A 34-year-old male underwent MRI due to ongoing right lower limb motor and sensory symptoms following a fall down a flight of stairs approximately 8 weeks previously. On examination patient had reduced flexion at right hip with a right sided foot drop. Extension at right hip was maintained.
At the time of initial presentation, a CT of the abdomen and pelvis performed. This demonstrated marked asymmetric swelling of the visualised right thigh with oedema of the muscles in both the posterior and medial compartments. No focal haematoma or fracture was identified. [Figure1a-c]
Subsequent MRI of the pelvis was performed 8 weeks following initial injury which showed extensive STIR hyperintense signal, predominantly centred in the gluteal and adductor muscles [Figure 2a-d]. Axial T2 weighted imaging demonstrated marked asymmetric thickening of the right sciatic nerve along its course. [Figure3]

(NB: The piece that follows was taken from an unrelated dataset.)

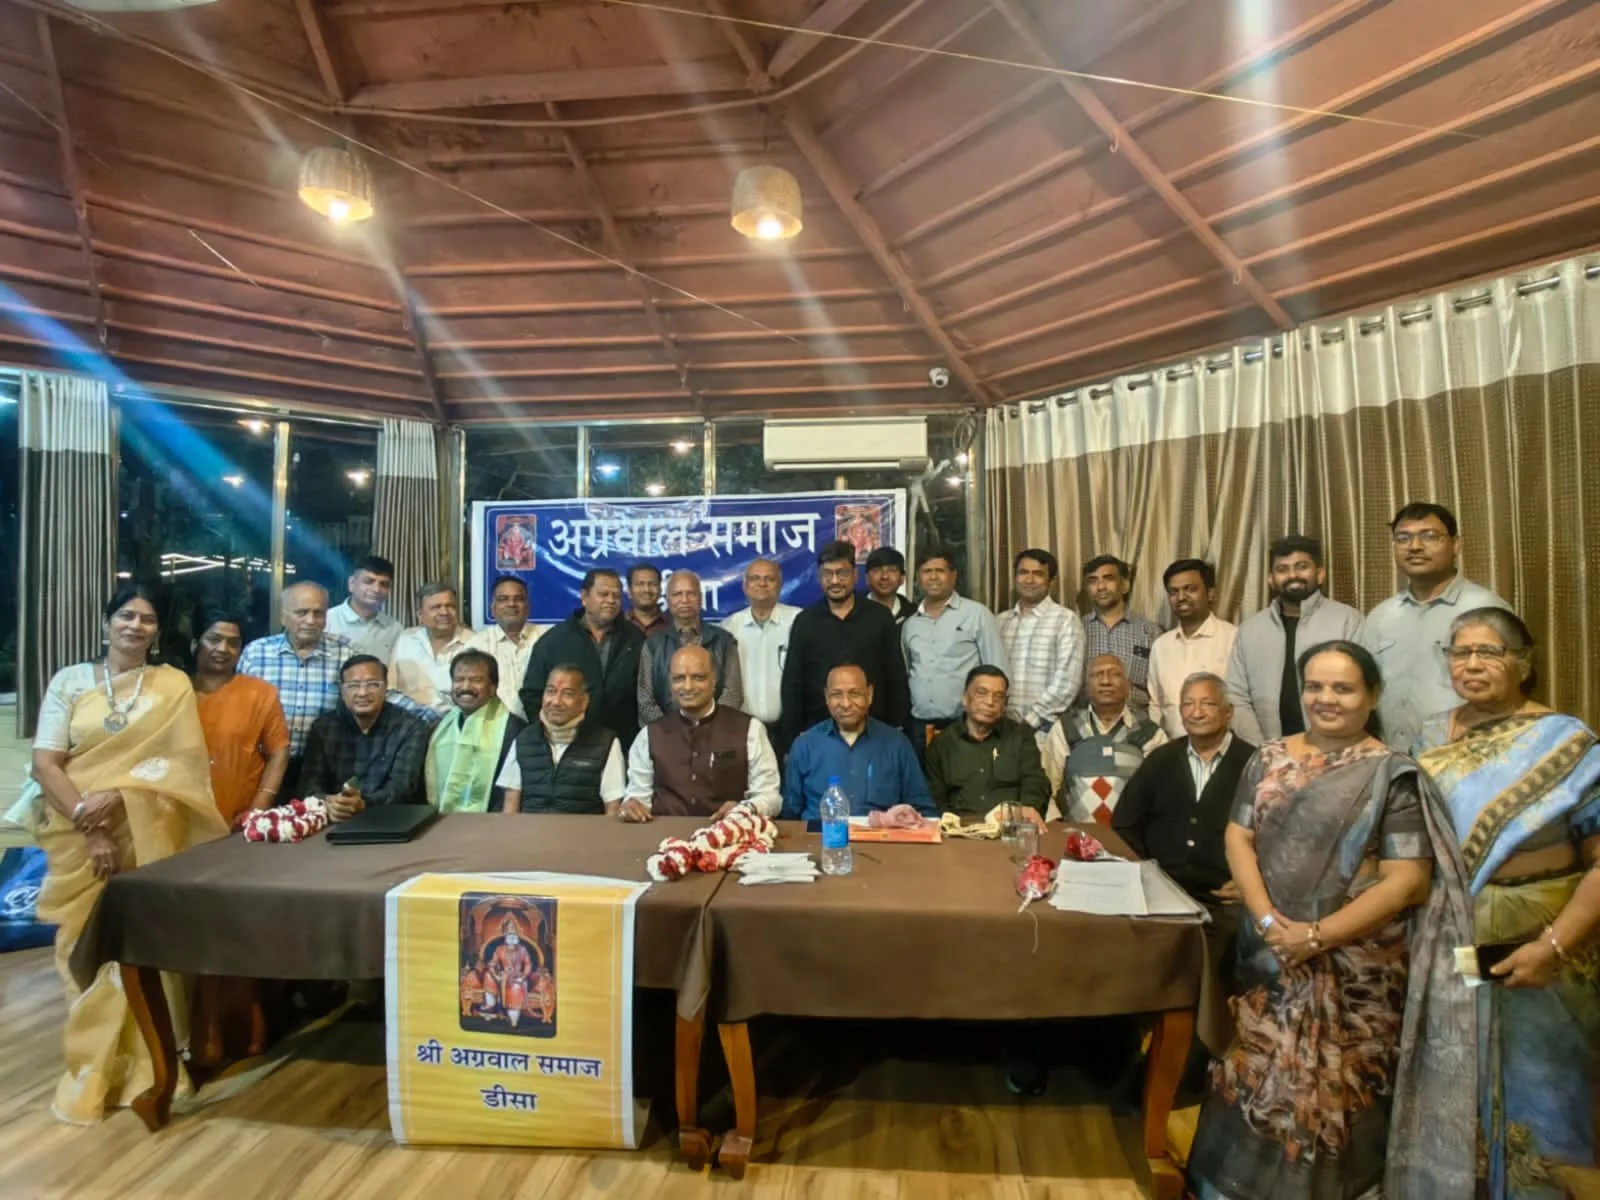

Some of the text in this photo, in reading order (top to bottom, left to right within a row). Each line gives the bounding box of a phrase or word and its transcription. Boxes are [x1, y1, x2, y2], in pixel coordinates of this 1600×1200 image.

[700, 512, 821, 558] समाज
[416, 1038, 602, 1077] श्री अग्रवाल समाज
[479, 1084, 538, 1110] डीसा
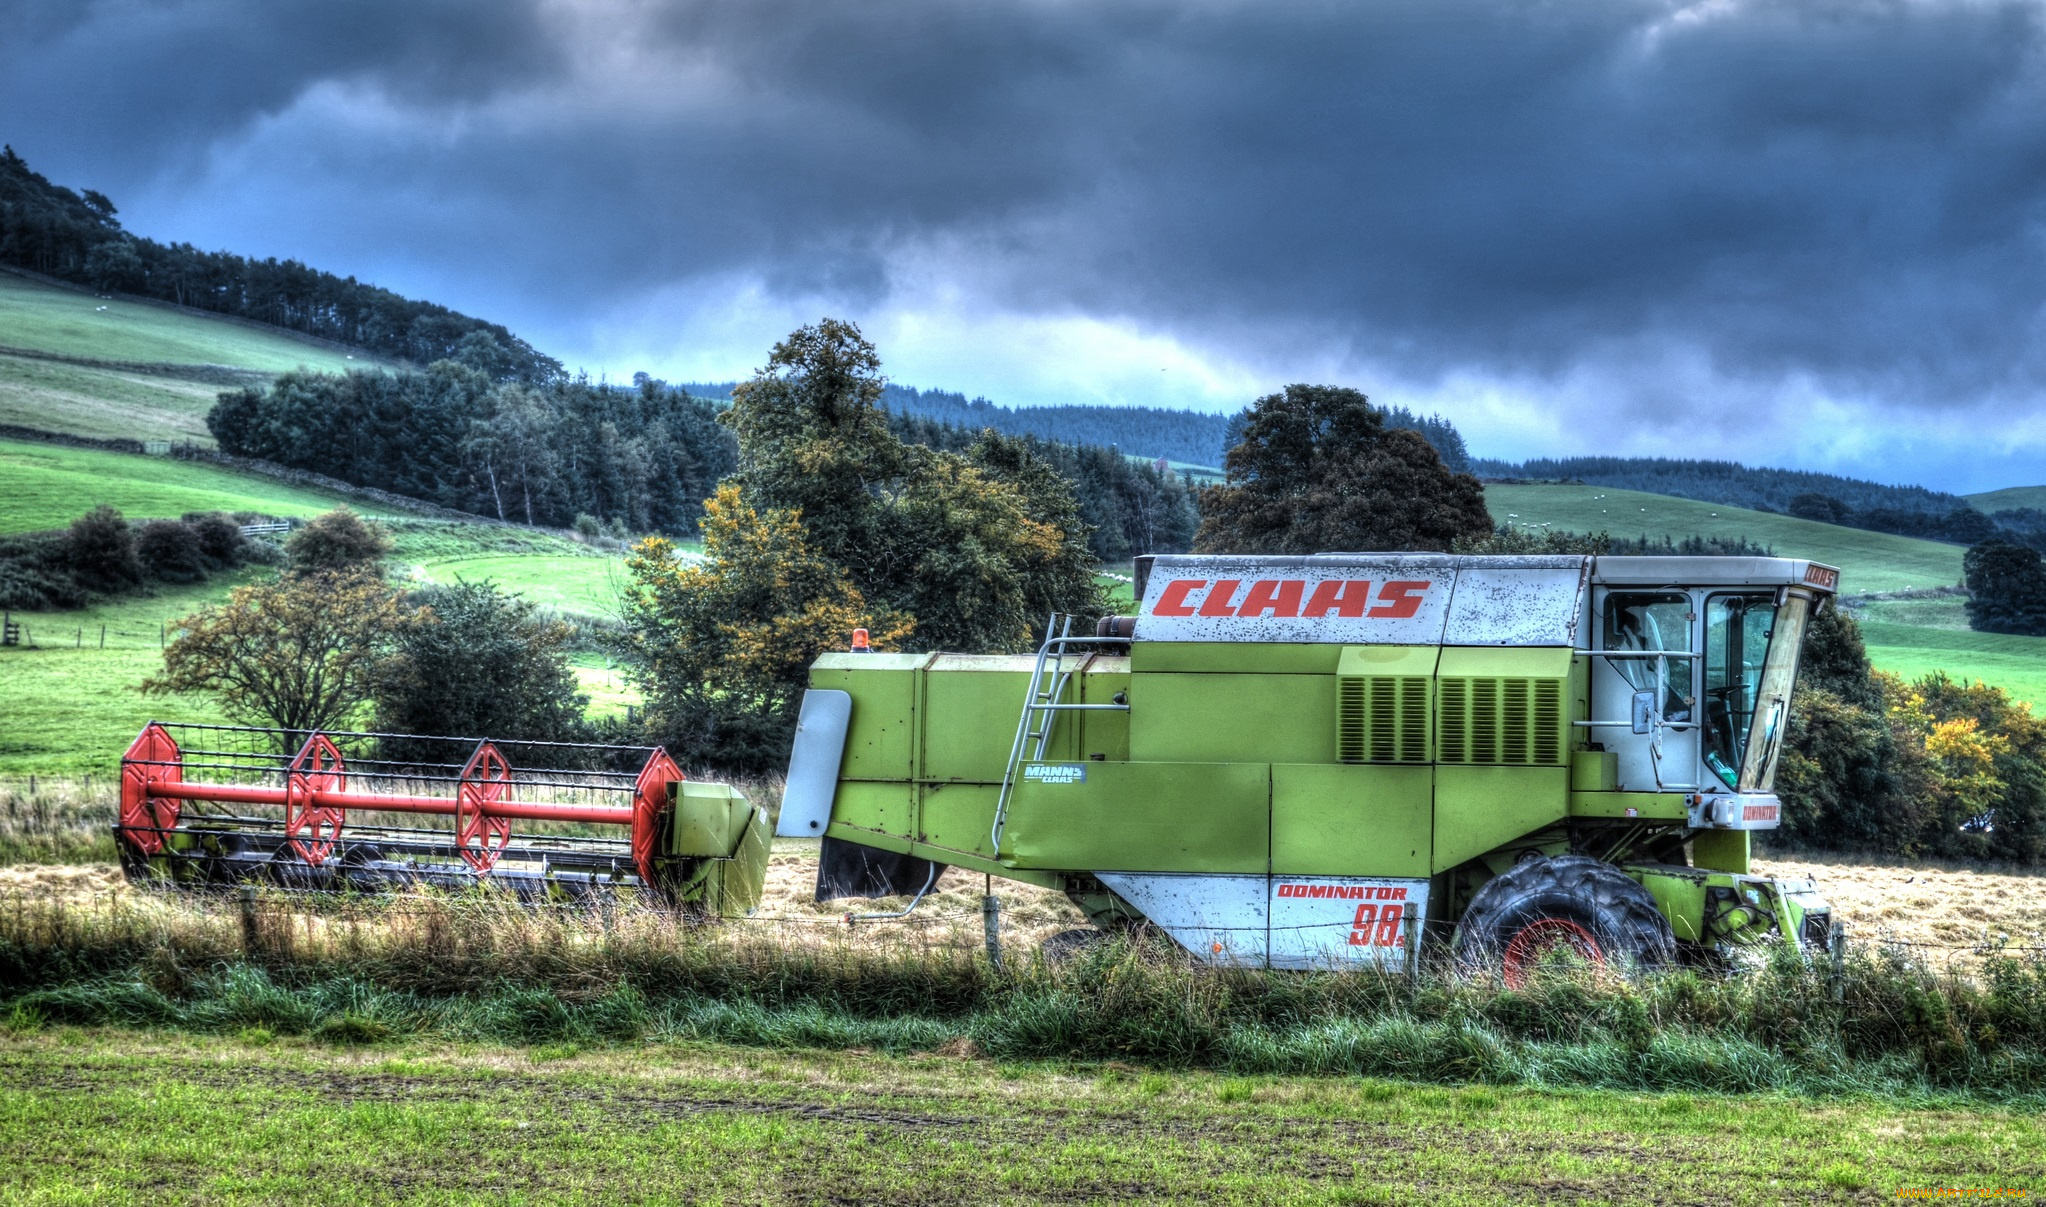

Due to persisting lower limb neurological symptoms as described above, patient also underwent nerve conduction studies. These demonstrated impaired conduction in the distribution of the lumbar plexus in keeping with a post-traumatic lumbar plexopathy.
Muscular denervation can occur secondary to a wide variety of pathology including trauma, demyelination, and infectious/inflammatory processes. While the pathophysiology can vary significantly, the resultant signs and symptoms are relatively consistent with pain, weakness and muscular atrophy widely described in the literature. Lumbosacral plexopathy is a particular subtype of neural injury involving the lumbosacral (LS) plexus[1].
Post-traumatic LS plexopathy most often occurs secondary to direct trauma such as in cases of posterior hip dislocation and sacral fractures. Traction on the plexus can also result in a plexopathy. These cases of traction plexopathy can be particularly challenging due to a lack of clear causative abnormality on either clinical examination or imaging. In patients who present with ongoing neurological symptoms in the distribution of the LS plexus, both cross-sectional imaging and nerve conduction studies have a role to play. Imaging is particularly useful in not only assessing for a potential underlying cause of the plexopathy but also outlining the extent of muscular involvement.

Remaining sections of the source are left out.